Article rédigé à 4 mains par Marion Jourdan et Victoire Satto.
Aberrations & dissonances cognitives
On emploie un tas de mots dont personne n’a la définition
Conscious, green, éco-responsable, éthique, “low impact…“ : vous savez les différencier précisément ? Pourtant si vous êtes là, vous faites déjà partie des personnes sensibilisées. Imaginez quel flou artistique cela représente pour les profanes !
Les gens aiment célébrer la mode, pas la rendre cérébrale”
Cette phrase, Valerie Steele la confiait à notre micro. Ainsi, il serait donc contre-intuitif de s’intéresser à la mode avec un prisme scolaire. Pourtant, si l’on veut consommer mieux, il est nécessaire de s’informer. Le rôle des gouvernements/marques/médias est d’établir des règles, de les appliquer et de rendre ces informations accessibles. Et de ne jamais oublier de pousser la création de beaux vêtements qui font du bien au moral.
L’expression “mode durable” est en elle-même une aberration
La “mode” indique, par définition, le renouvellement incessant de styles et de formes. Si le vêtement est durable, la mode quant à elle est la discipline de la créativité, de la réinvention permanente… Par essence, la consommation de mode et de luxe n’est pas supposée présenter de nécessité pratique ou utilitaire. Le superflu est le nécessaire, d’où la difficulté pour les entreprises de penser à la question de la déconsommation.
L’acte de consommer la mode en lui-même n’est pas négatif. La mode offre la possibilité à chacun·e de créer et de s’exprimer par nos vêtements, tous les jours. C’est l’art le plus démocratique qui soit.
Ce qui est problématique, c’est :
- L’idée que le bonheur est proportionnel à multitude d’objets marchands accumulés, toxiques pour notre mental, notre porte-feuille et la planète.
- Nos pratiques de consommation, notre rapport aux vêtements, les cycles de production des marques de mode, et les déchets générés qui se comptent en tonnes de vêtements jetés/incinérés/enfouis.

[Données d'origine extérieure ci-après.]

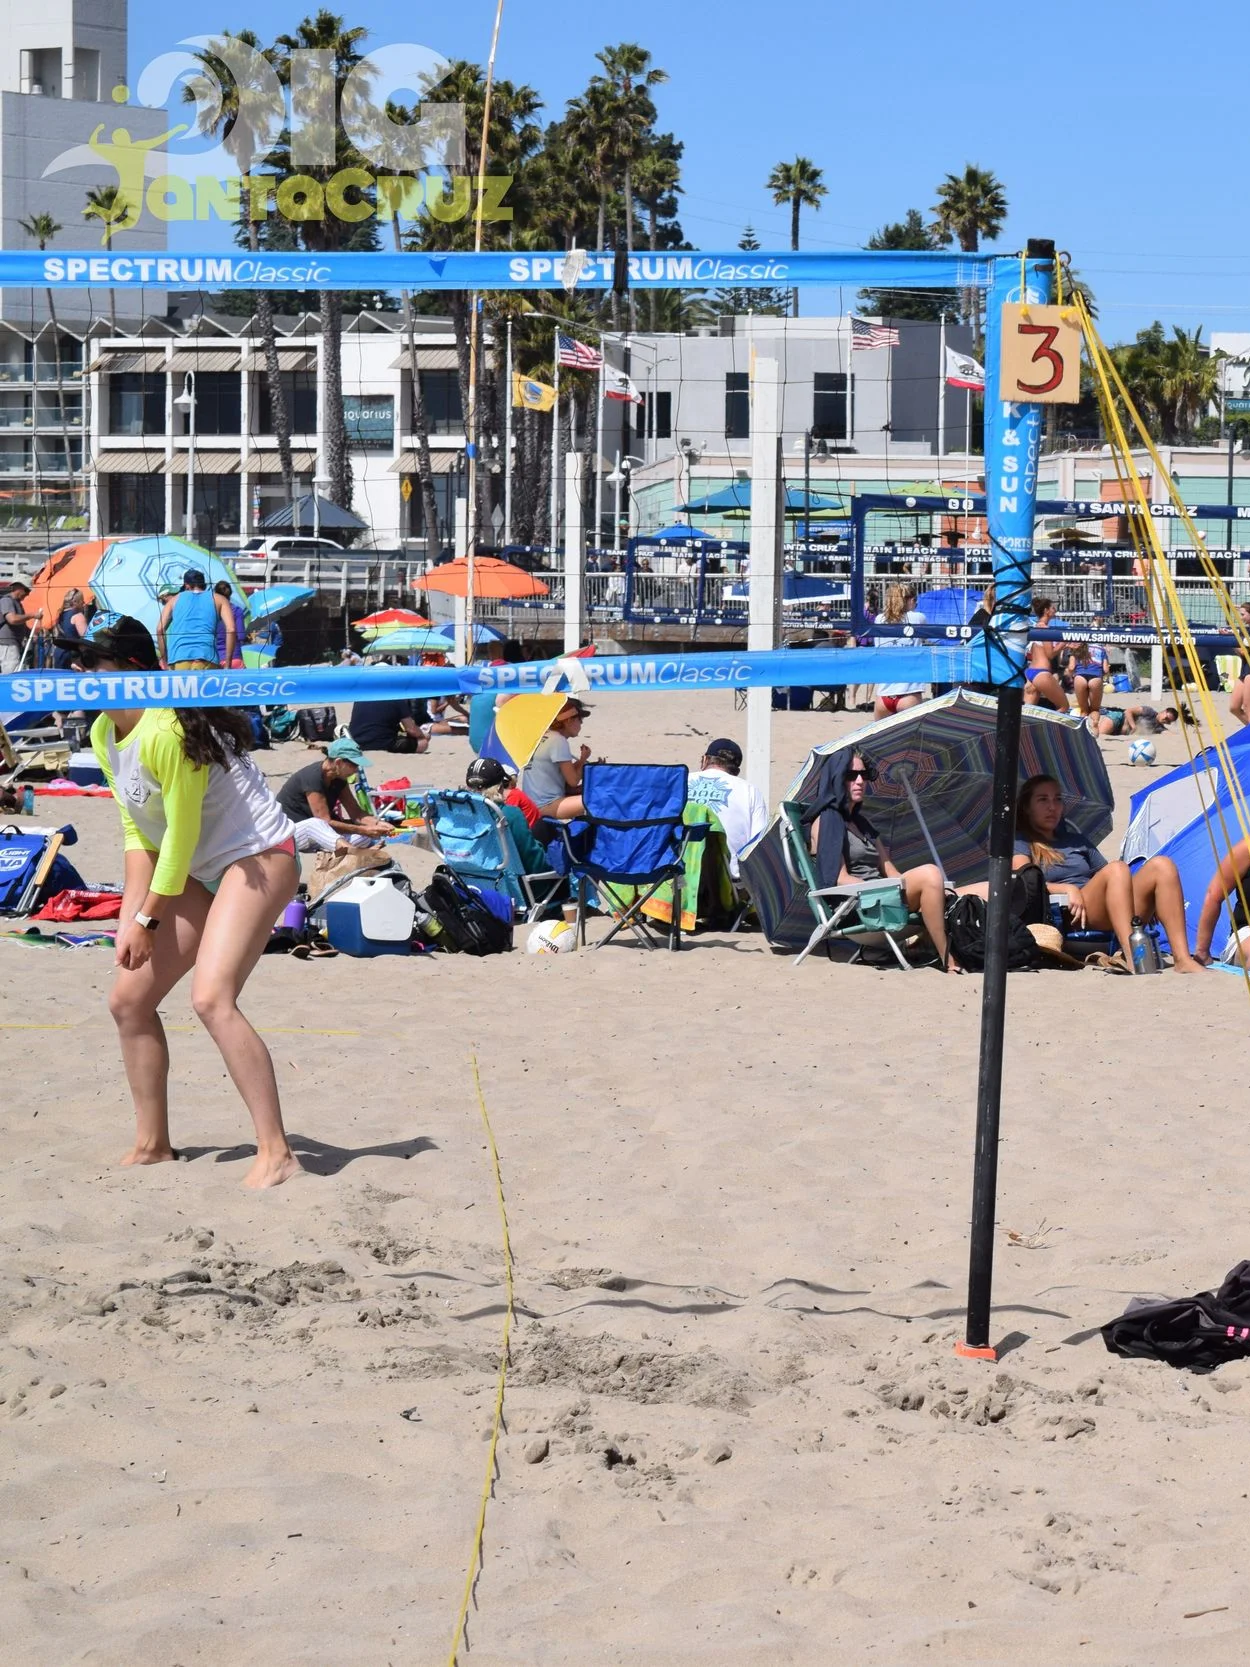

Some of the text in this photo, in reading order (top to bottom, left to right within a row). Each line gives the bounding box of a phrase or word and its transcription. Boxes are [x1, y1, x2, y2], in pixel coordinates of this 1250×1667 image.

[1017, 323, 1063, 394] 3
[808, 544, 839, 552] CRUZ
[897, 547, 938, 555] BEACH

Définir des termes, pourquoi faire ? À quoi ça sert ?
Établir un lexique de mots pour définir une mode faite d’engagements nous apparaît nécessaire, car :
- Les marques engagées souhaitent se démarquer des autres marques.
- Les consommateur·ice·s ont besoin de mots clés qui sont des repères quand on cherche des vêtements qui correspondant à nos valeurs.
- Connaître et maîtriser ce lexique et ainsi éviter d’être victime de greenwashing.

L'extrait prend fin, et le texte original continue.